What to produce: Write the material out again, line by line, exactly as it is.
□ □ □ □
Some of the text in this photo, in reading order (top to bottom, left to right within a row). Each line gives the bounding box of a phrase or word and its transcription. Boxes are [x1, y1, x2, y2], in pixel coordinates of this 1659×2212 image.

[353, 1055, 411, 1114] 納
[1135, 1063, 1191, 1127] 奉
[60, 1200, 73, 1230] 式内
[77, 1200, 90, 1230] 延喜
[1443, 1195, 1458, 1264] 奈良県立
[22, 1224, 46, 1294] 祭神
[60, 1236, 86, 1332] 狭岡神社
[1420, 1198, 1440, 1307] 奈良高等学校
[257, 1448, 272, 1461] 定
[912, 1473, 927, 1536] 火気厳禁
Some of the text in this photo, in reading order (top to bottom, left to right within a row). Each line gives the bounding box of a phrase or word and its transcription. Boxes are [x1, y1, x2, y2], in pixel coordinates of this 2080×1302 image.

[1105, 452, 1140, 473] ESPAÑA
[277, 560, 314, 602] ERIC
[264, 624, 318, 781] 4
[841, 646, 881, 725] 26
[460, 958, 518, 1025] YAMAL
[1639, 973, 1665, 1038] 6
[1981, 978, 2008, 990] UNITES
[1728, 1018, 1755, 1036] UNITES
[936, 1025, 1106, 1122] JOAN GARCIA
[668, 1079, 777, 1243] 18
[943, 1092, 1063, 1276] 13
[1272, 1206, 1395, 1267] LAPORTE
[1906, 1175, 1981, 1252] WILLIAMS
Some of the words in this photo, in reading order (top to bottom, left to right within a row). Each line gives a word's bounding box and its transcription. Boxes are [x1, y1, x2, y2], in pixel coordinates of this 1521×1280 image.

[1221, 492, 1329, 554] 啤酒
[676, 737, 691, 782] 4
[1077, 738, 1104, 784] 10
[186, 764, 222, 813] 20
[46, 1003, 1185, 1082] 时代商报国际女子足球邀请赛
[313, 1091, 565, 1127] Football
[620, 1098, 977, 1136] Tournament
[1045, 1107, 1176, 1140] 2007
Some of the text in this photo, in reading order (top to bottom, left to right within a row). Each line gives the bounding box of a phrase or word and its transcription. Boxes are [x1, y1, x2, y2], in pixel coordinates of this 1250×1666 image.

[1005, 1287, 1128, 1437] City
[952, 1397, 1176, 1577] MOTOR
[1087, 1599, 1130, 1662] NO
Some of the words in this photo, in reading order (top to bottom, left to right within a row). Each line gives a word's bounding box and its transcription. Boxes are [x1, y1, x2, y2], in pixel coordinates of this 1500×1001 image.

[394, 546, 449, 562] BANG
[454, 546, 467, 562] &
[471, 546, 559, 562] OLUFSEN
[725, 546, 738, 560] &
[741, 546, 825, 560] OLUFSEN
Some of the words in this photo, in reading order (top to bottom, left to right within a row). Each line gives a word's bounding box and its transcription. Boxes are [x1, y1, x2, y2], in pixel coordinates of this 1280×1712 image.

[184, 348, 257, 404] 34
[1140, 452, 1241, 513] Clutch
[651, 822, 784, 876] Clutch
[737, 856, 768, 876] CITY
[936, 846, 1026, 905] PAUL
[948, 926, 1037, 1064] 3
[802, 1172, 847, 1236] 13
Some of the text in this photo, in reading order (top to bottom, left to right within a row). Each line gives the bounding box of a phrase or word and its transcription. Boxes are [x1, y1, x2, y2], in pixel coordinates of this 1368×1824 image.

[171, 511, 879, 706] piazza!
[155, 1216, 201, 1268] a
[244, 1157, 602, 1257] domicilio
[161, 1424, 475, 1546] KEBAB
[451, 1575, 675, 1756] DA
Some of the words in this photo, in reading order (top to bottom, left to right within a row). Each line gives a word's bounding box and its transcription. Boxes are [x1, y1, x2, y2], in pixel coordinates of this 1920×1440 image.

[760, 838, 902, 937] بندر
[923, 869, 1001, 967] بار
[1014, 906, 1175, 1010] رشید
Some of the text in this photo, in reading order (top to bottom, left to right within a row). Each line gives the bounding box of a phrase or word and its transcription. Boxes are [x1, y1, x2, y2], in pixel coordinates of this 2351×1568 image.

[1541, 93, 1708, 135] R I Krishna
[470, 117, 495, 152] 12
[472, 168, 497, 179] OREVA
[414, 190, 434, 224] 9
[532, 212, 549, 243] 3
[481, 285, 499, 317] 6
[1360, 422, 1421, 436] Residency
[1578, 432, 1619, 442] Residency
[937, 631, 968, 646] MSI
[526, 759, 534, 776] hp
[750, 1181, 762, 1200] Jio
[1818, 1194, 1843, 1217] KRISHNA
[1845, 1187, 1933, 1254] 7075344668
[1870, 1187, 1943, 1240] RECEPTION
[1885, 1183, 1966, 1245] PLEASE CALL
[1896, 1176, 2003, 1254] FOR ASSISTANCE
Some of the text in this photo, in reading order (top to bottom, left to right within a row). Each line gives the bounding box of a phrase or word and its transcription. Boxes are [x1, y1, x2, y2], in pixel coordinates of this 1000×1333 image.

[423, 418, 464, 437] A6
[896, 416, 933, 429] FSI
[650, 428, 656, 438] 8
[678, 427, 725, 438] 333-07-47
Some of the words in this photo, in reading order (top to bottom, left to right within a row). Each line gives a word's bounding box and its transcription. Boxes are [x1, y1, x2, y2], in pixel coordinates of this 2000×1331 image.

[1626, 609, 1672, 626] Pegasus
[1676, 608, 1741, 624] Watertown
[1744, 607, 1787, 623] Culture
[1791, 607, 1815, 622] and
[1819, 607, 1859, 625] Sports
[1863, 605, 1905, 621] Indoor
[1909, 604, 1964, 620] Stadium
□ □ □ □
Written response:
Some of the text in this photo, in reading order (top to bottom, left to right within a row). Each line gives the bounding box of a phrase or word and its transcription. Boxes are [x1, y1, x2, y2], in pixel coordinates of this 1659×2212 image.

[353, 1055, 411, 1114] 納
[1135, 1063, 1191, 1127] 奉
[60, 1200, 73, 1230] 式内
[77, 1200, 90, 1230] 延喜
[1443, 1195, 1458, 1264] 奈良県立
[22, 1224, 46, 1294] 祭神
[60, 1236, 86, 1332] 狭岡神社
[1420, 1198, 1440, 1307] 奈良高等学校
[257, 1448, 272, 1461] 定
[912, 1473, 927, 1536] 火気厳禁
Some of the text in this photo, in reading order (top to bottom, left to right within a row). Each line gives the bounding box of a phrase or word and its transcription. Boxes are [x1, y1, x2, y2], in pixel coordinates of this 2080×1302 image.

[1105, 452, 1140, 473] ESPAÑA
[277, 560, 314, 602] ERIC
[264, 624, 318, 781] 4
[841, 646, 881, 725] 26
[460, 958, 518, 1025] YAMAL
[1639, 973, 1665, 1038] 6
[1981, 978, 2008, 990] UNITES
[1728, 1018, 1755, 1036] UNITES
[936, 1025, 1106, 1122] JOAN GARCIA
[668, 1079, 777, 1243] 18
[943, 1092, 1063, 1276] 13
[1272, 1206, 1395, 1267] LAPORTE
[1906, 1175, 1981, 1252] WILLIAMS
Some of the words in this photo, in reading order (top to bottom, left to right within a row). Each line gives a word's bounding box and its transcription. Boxes are [x1, y1, x2, y2], in pixel coordinates of this 1521×1280 image.

[1221, 492, 1329, 554] 啤酒
[676, 737, 691, 782] 4
[1077, 738, 1104, 784] 10
[186, 764, 222, 813] 20
[46, 1003, 1185, 1082] 时代商报国际女子足球邀请赛
[313, 1091, 565, 1127] Football
[620, 1098, 977, 1136] Tournament
[1045, 1107, 1176, 1140] 2007
Some of the text in this photo, in reading order (top to bottom, left to right within a row). Each line gives the bounding box of a phrase or word and its transcription. Boxes are [x1, y1, x2, y2], in pixel coordinates of this 1250×1666 image.

[1005, 1287, 1128, 1437] City
[952, 1397, 1176, 1577] MOTOR
[1087, 1599, 1130, 1662] NO
Some of the words in this photo, in reading order (top to bottom, left to right within a row). Each line gives a word's bounding box and its transcription. Boxes are [x1, y1, x2, y2], in pixel coordinates of this 1500×1001 image.

[394, 546, 449, 562] BANG
[454, 546, 467, 562] &
[471, 546, 559, 562] OLUFSEN
[725, 546, 738, 560] &
[741, 546, 825, 560] OLUFSEN
Some of the words in this photo, in reading order (top to bottom, left to right within a row). Each line gives a word's bounding box and its transcription. Boxes are [x1, y1, x2, y2], in pixel coordinates of this 1280×1712 image.

[184, 348, 257, 404] 34
[1140, 452, 1241, 513] Clutch
[651, 822, 784, 876] Clutch
[737, 856, 768, 876] CITY
[936, 846, 1026, 905] PAUL
[948, 926, 1037, 1064] 3
[802, 1172, 847, 1236] 13
Some of the text in this photo, in reading order (top to bottom, left to right within a row). Each line gives the bounding box of a phrase or word and its transcription. Boxes are [x1, y1, x2, y2], in pixel coordinates of this 1368×1824 image.

[171, 511, 879, 706] piazza!
[155, 1216, 201, 1268] a
[244, 1157, 602, 1257] domicilio
[161, 1424, 475, 1546] KEBAB
[451, 1575, 675, 1756] DA
Some of the words in this photo, in reading order (top to bottom, left to right within a row). Each line gives a word's bounding box and its transcription. Boxes are [x1, y1, x2, y2], in pixel coordinates of this 1920×1440 image.

[760, 838, 902, 937] بندر
[923, 869, 1001, 967] بار
[1014, 906, 1175, 1010] رشید
Some of the text in this photo, in reading order (top to bottom, left to right within a row). Each line gives the bounding box of a phrase or word and its transcription. Boxes are [x1, y1, x2, y2], in pixel coordinates of this 2351×1568 image.

[1541, 93, 1708, 135] R I Krishna
[470, 117, 495, 152] 12
[472, 168, 497, 179] OREVA
[414, 190, 434, 224] 9
[532, 212, 549, 243] 3
[481, 285, 499, 317] 6
[1360, 422, 1421, 436] Residency
[1578, 432, 1619, 442] Residency
[937, 631, 968, 646] MSI
[526, 759, 534, 776] hp
[750, 1181, 762, 1200] Jio
[1818, 1194, 1843, 1217] KRISHNA
[1845, 1187, 1933, 1254] 7075344668
[1870, 1187, 1943, 1240] RECEPTION
[1885, 1183, 1966, 1245] PLEASE CALL
[1896, 1176, 2003, 1254] FOR ASSISTANCE
Some of the text in this photo, in reading order (top to bottom, left to right within a row). Each line gives the bounding box of a phrase or word and its transcription. Boxes are [x1, y1, x2, y2], in pixel coordinates of this 1000×1333 image.

[423, 418, 464, 437] A6
[896, 416, 933, 429] FSI
[650, 428, 656, 438] 8
[678, 427, 725, 438] 333-07-47
Some of the words in this photo, in reading order (top to bottom, left to right within a row). Each line gives a word's bounding box and its transcription. Boxes are [x1, y1, x2, y2], in pixel coordinates of this 2000×1331 image.

[1626, 609, 1672, 626] Pegasus
[1676, 608, 1741, 624] Watertown
[1744, 607, 1787, 623] Culture
[1791, 607, 1815, 622] and
[1819, 607, 1859, 625] Sports
[1863, 605, 1905, 621] Indoor
[1909, 604, 1964, 620] Stadium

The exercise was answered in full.